Would serve as a multiplier for movements within animations. When using animations for characters bigger or smaller than the one originally used the make said animation, all the movements are amplified, like in this case:
This player is roughly 5 times smaller than normal, yet the animation’s movements don’t match this change. If we had something like AnimationTrack:AdjustSize(), one could :AdjustSize(0.2) to fix this problem.
Are you referring to the way the arms and legs move away from the rest of the body in your example?
If you are, you can make animations that do not include translations and they will correctly scale from larger to smaller characters without any additional work.
But then you’re losing an important feature of animations. Scaling the translations would make it easy to make one animation and have it work across all scales.
I don’t think this would be as easy as you might think. Since each part could be scaled independently and some of the joint offsets are not on part boundaries, it would be difficult to do this correctly without additional information for each joint.
I don’t see what you mean, I don’t think there has to be any extra information.
If you mean storing the current size adjustment, it doesn’t have to be for each joint.
EDIT: Do you mean storing the original pose of each joint? That isn’t necessary.

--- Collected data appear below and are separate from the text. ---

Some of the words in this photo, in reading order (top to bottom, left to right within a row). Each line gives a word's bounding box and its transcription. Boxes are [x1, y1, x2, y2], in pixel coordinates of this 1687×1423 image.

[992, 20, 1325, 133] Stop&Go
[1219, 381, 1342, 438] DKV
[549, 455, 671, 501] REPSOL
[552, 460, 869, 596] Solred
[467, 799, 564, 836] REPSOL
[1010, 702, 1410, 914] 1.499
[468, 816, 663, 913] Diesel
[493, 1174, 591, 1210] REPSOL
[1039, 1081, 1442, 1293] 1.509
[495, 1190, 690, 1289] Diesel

AdjustSize() shouldn’t overwrite animation data, it should make the engine multiply positions when rendering the animation.
Also, perhaps it should take a Vector3 so that we can have seperate movement sizes on each axis, so that it’s possible to adjust animations for a height slider without weakening the other 2 axes.

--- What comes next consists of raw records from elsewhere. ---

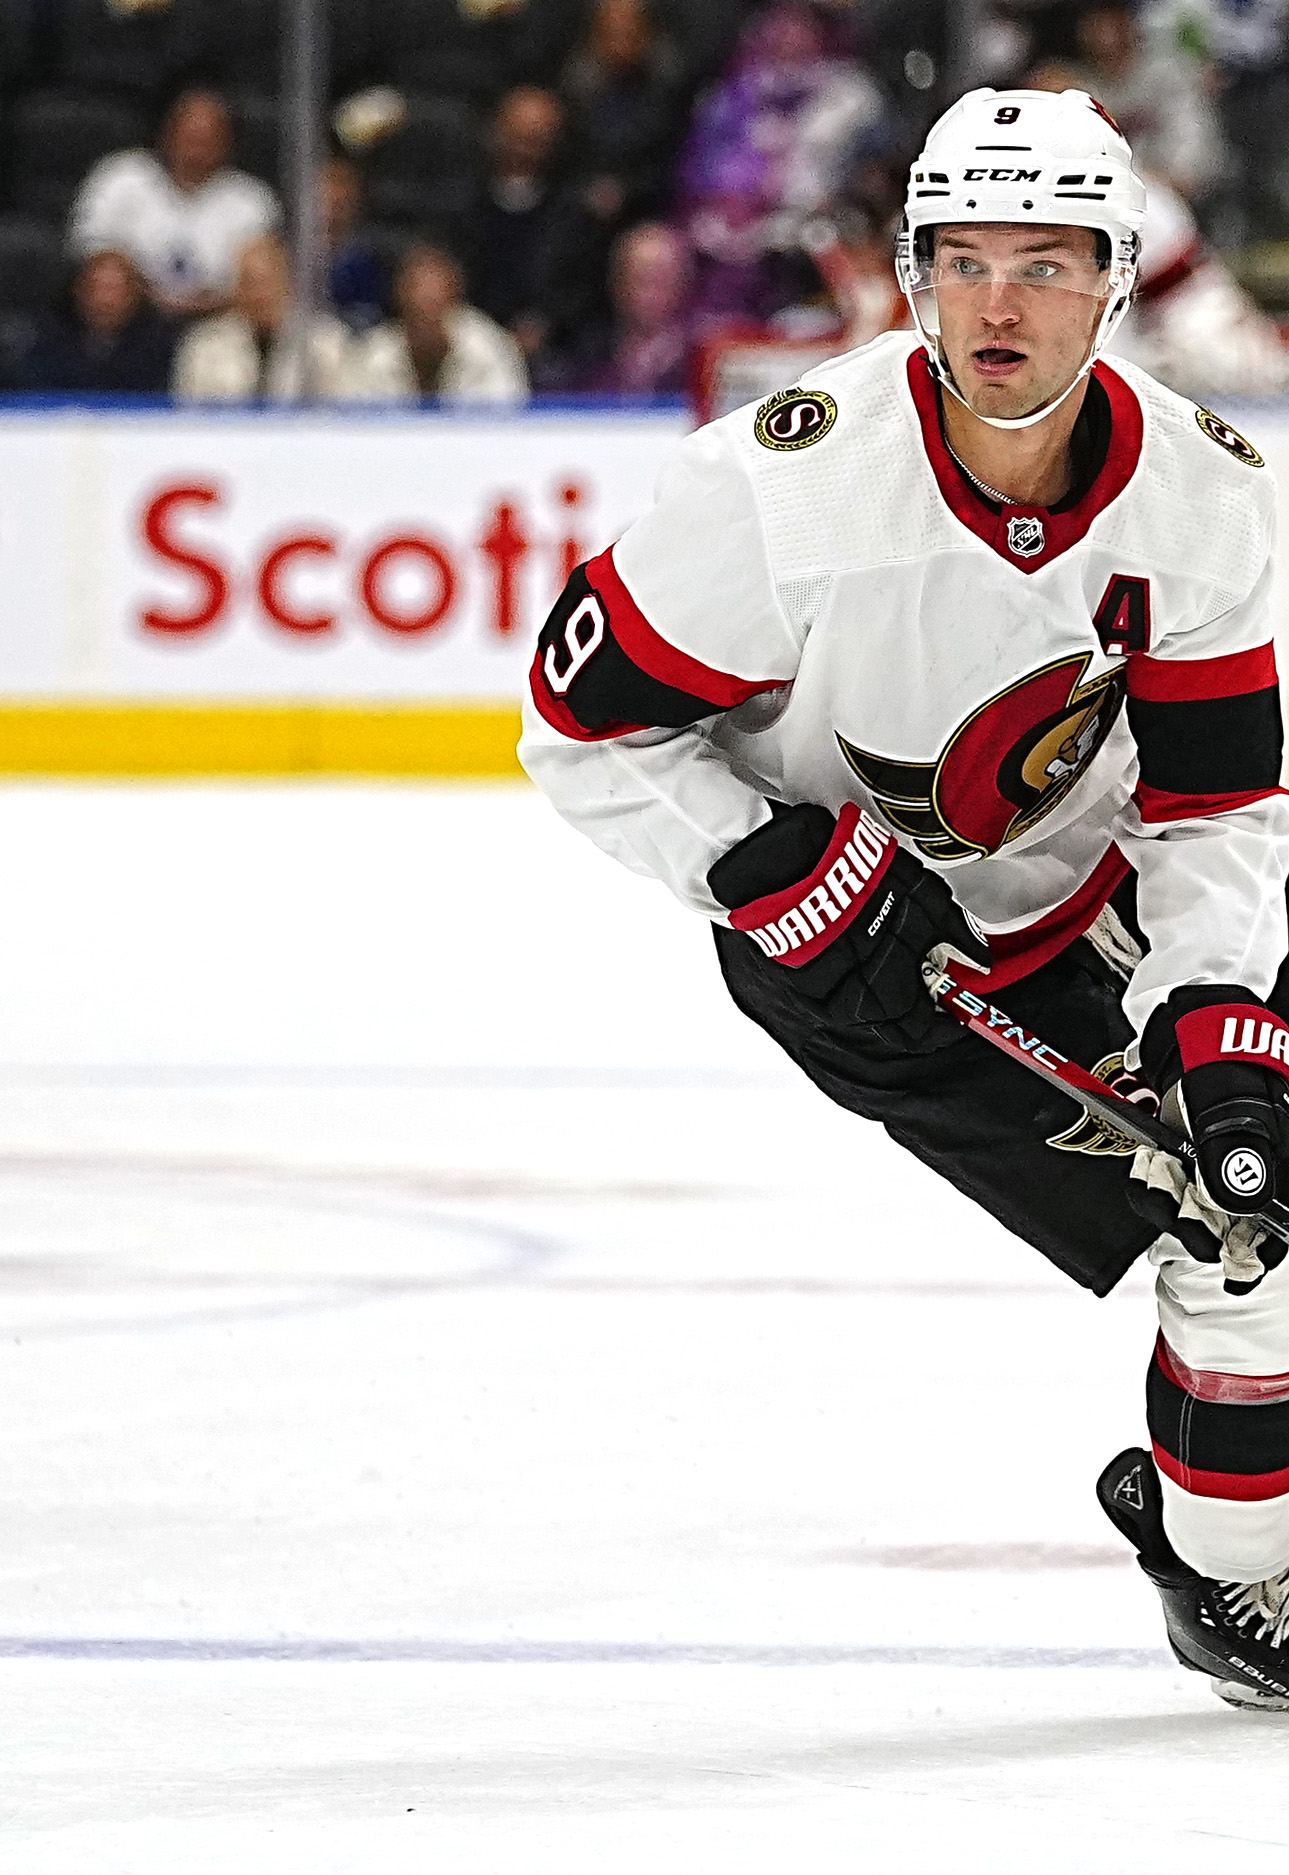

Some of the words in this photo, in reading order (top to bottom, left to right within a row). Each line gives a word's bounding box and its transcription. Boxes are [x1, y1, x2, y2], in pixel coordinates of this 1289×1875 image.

[993, 105, 1022, 125] 9
[962, 168, 1043, 182] CCM
[543, 592, 605, 698] 9
[1091, 572, 1151, 656] A
[745, 808, 893, 958] WARRIOR
[867, 890, 896, 937] COVERT
[951, 990, 1070, 1072] SYNC

I can see this being very useful: AnimationTrack:AdjustSize(0.5)
Something like if the the Torso of my model was translated 6 studs up for maybe a backflip animation, I’d be able to use this animation for the same model that is half the size using this method, & have to the Torso move only 3 studs up instead of 6 to properly play the animation.
This is me assuming that the model itself is being scaled evenly. AnimationTrack:AdjustSize(scale)
Something like AnimationTrack:AdjustSize(xScale, yScale, zScale) would be more complicated.